• _TASK DESCRIPTION_
Write out the data exactly as given, dropping every picture.

• _MATERIALS PROVIDED_
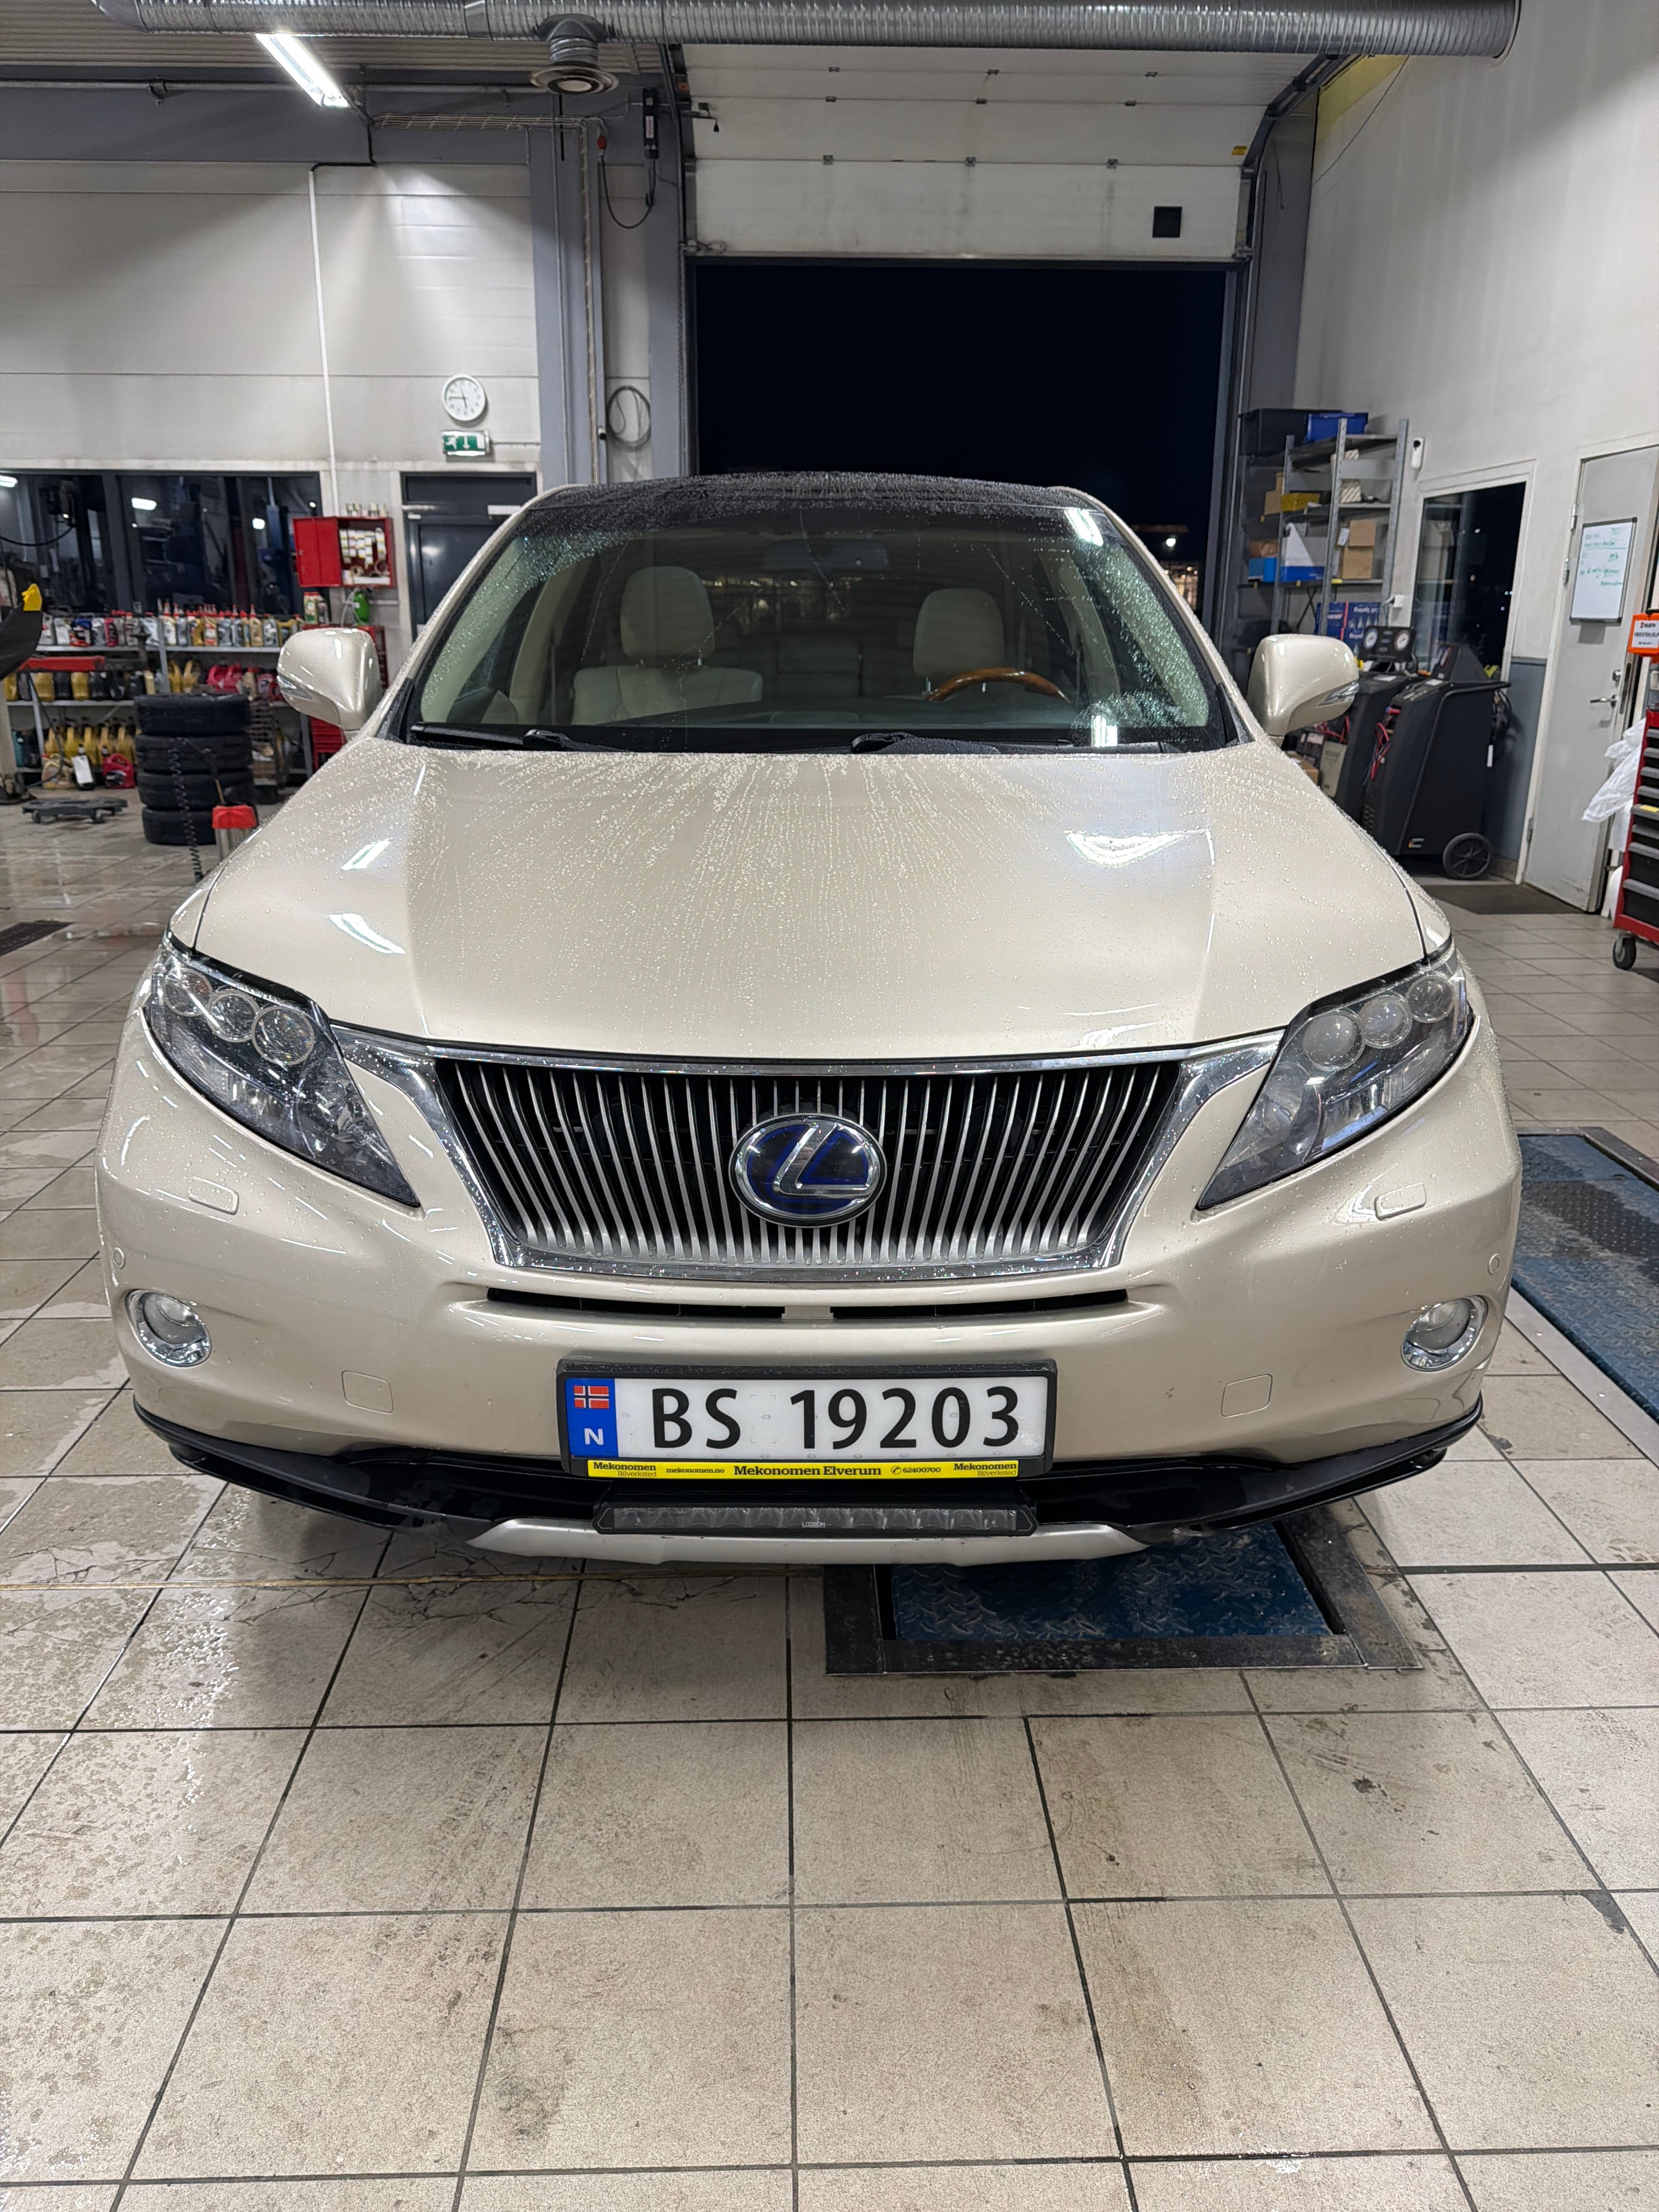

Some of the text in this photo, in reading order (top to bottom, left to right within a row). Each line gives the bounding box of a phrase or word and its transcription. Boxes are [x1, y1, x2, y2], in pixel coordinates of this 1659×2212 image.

[652, 1386, 1019, 1449] BS 19203
[584, 1427, 603, 1445] N
[593, 1462, 656, 1471] Mekonomen
[733, 1466, 882, 1475] Mekonomen Elverum
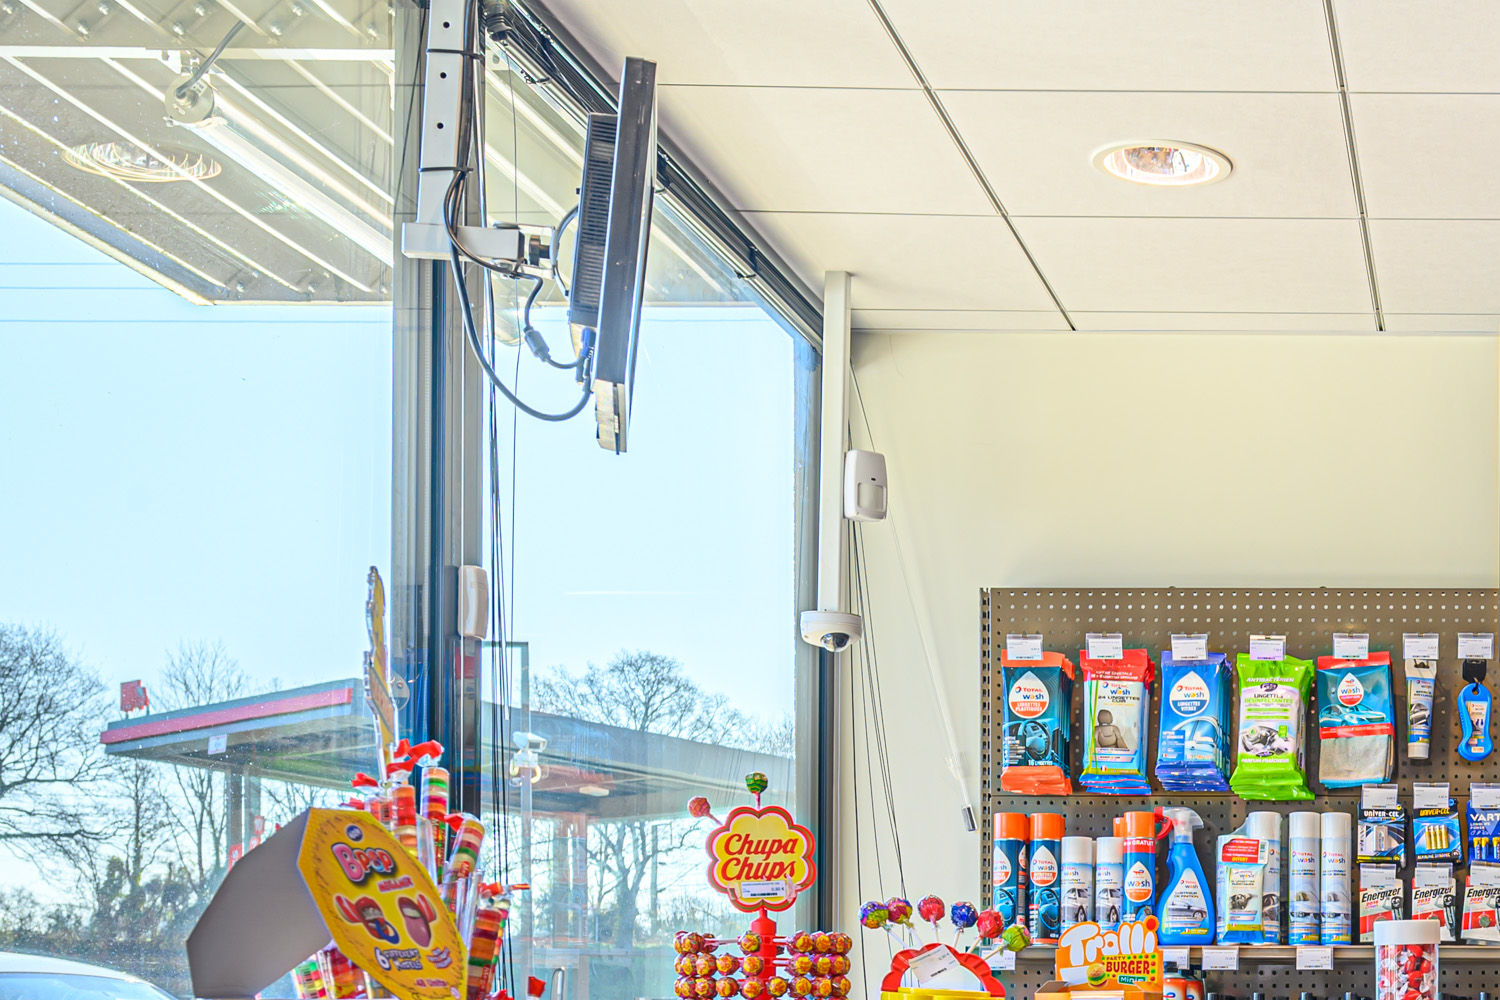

• _OUTPUT_
Some of the text in this photo, in reading order (top to bottom, left to right within a row). Each line gives the bounding box of a phrase or word and its transcription. Boxes are [x1, y1, x2, y2], in pixel coordinates of this 1659×2212 image.

[652, 1386, 1019, 1449] BS 19203
[584, 1427, 603, 1445] N
[593, 1462, 656, 1471] Mekonomen
[733, 1466, 882, 1475] Mekonomen Elverum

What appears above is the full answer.